Come all ye Roman Catholics and listen to my song,
And likewise pay attention and I'll not detain you long,
Concerning Father McFadden who lies in Lifford Jail,,
He was remanded there for trial, the court would grant no bail.

The day he was arrested was a Sunday after Mass,
It was Inspector Martin, the man who did arrest,
He caught the priest by the collar with a broadsword in his hand,
Says he, "Your are my prisoner, sir, and you must come along".

The congregation saw their priest arrested at the door,
And David being among the flock, he did one stone procure,
He stuck the stone into a sling and my the Lord's command,
He struck Inspector Martin on the ground where he did stand.

Some paling [fence] posts were used by those who fought for liberty,
Their priest they swore for to defend from landlord tyranny,
No cowardly inspector would take their hero away,
Their 'star and light' they would protect until their dying day.

The people then proceeded for to knock the villain down,
His henchman flew before them like the hare flees from the hound,
The goodly priest called "Order", but alas, 'twas all in vain,
The Inspector lay there lifeless on the ground where he was slain.
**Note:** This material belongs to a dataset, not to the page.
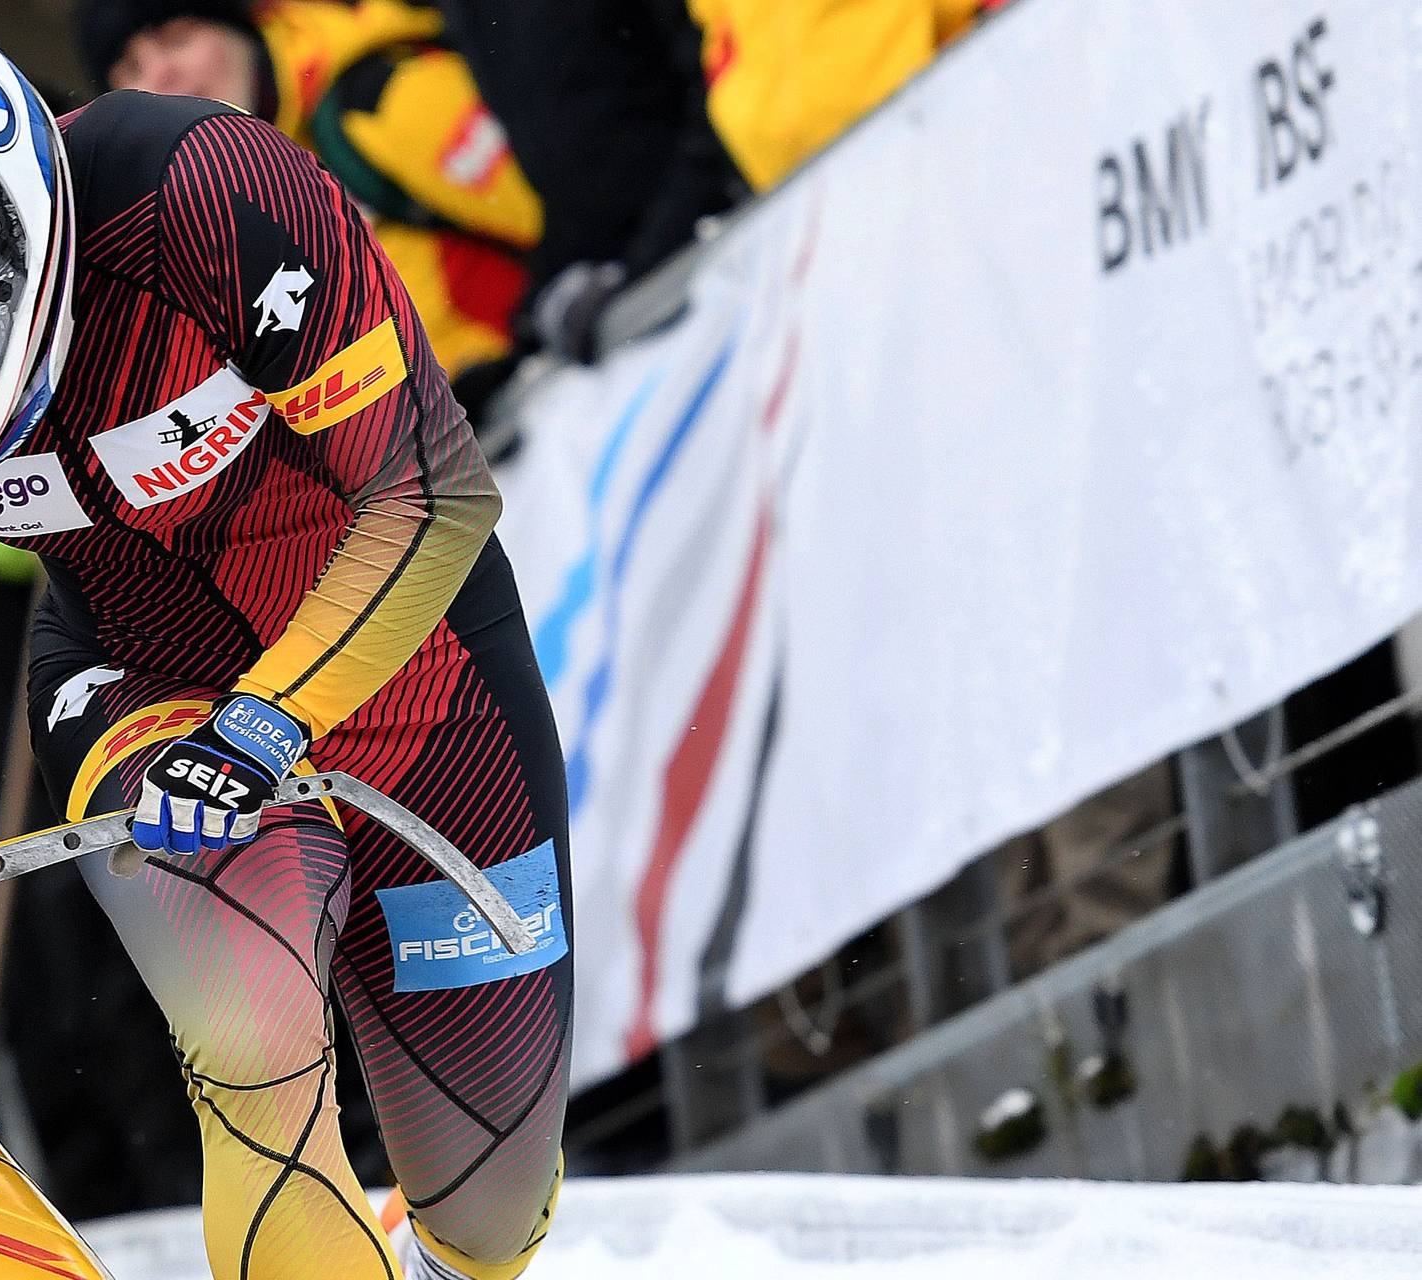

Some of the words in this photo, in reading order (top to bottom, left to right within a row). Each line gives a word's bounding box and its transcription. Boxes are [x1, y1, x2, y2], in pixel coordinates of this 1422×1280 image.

[132, 390, 272, 500] NIGRIN
[223, 718, 289, 770] Versicherung
[250, 717, 297, 762] IDEAL
They put Martin on a stretcher and to barracks they did go,
To see them going along the road, it was a holy show,
The people groaned and booed at them, 'twas glorious for to tell,
And to see a sub-Inspector on a door going off to hell.

The Devil met them on the road, he took him by the hand,
Says he, "Inspector Martin, I've been waiting for you long,
You were a worthy officer, you did your duty well,
And now I'm going to promote you to the burning pits of Hell".
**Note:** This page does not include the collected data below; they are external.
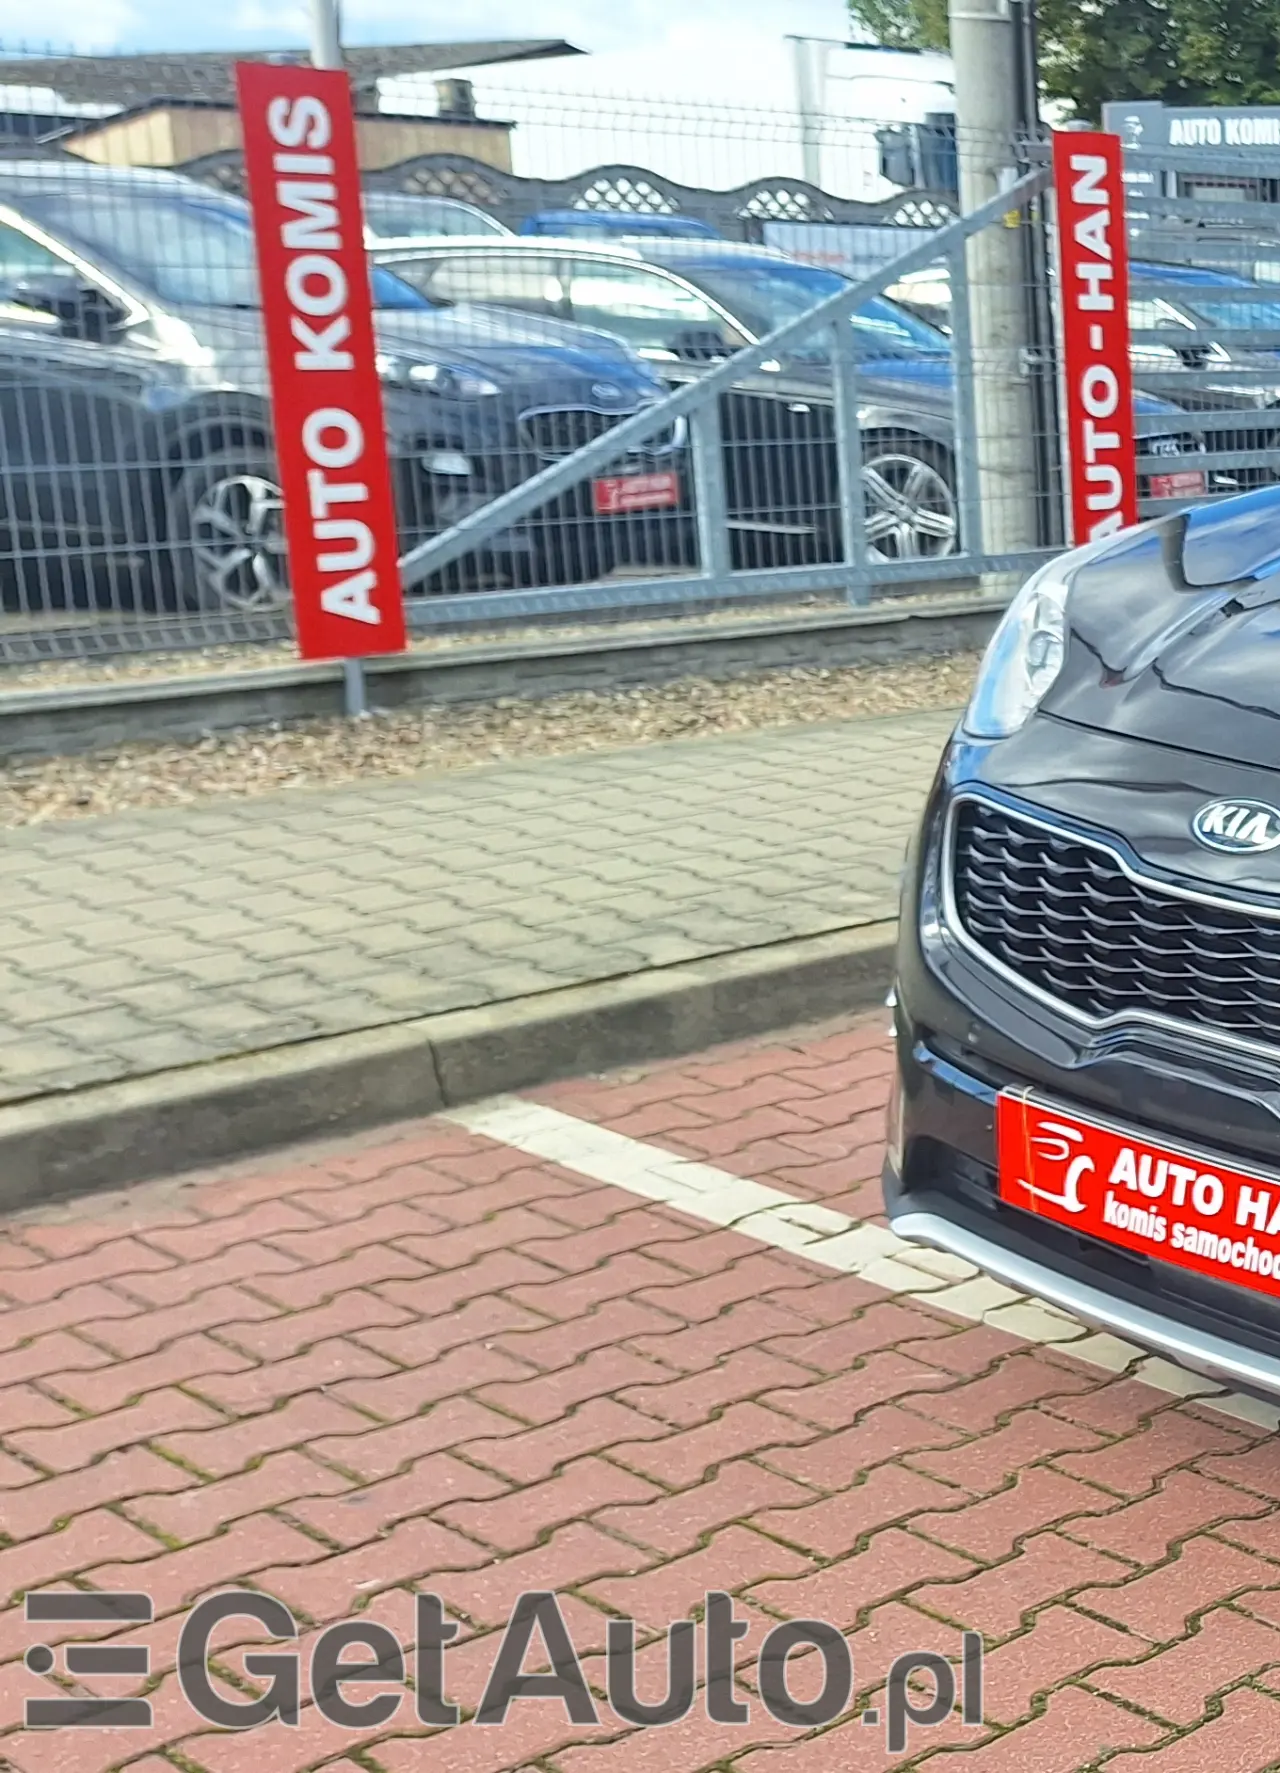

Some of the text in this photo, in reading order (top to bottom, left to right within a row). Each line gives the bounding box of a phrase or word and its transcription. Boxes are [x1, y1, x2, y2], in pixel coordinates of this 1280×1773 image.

[1169, 116, 1221, 146] AUTO
[268, 95, 381, 627] AUTO KOMIS
[1200, 803, 1275, 845] KIA
[1107, 1147, 1225, 1216] AUTO
[1103, 1190, 1168, 1242] komis
The Devil met them on the road, Lord Leitrim by his side,
Says he, "Inspector Martin, we will have a merry ride,
The flames they won't agree with you, your head is very sore,
You'll curse the day you did stray to a place they call Gweedore".

Adieu to Ballyshannon, will I never see you more,
And many's the happy day I spent along Bundoran's shore,
To my wife and little family, I bid a fond farewell,
And now I'm away and I'm bound to stay in the burning pits of hell.

I thought that I had the words somewhere, it just toook me a while to find them. The lyrics are reasonably historically accurate, except that Lord Leitrim (William Sydney Clements), a notorious Donegal landlord and all-round nasty type, was murdered in 1878 and the murder of Inspector Martin took place in 1889. Father McFadden was soon released but a number of men served prison sentences for their paart in the killing.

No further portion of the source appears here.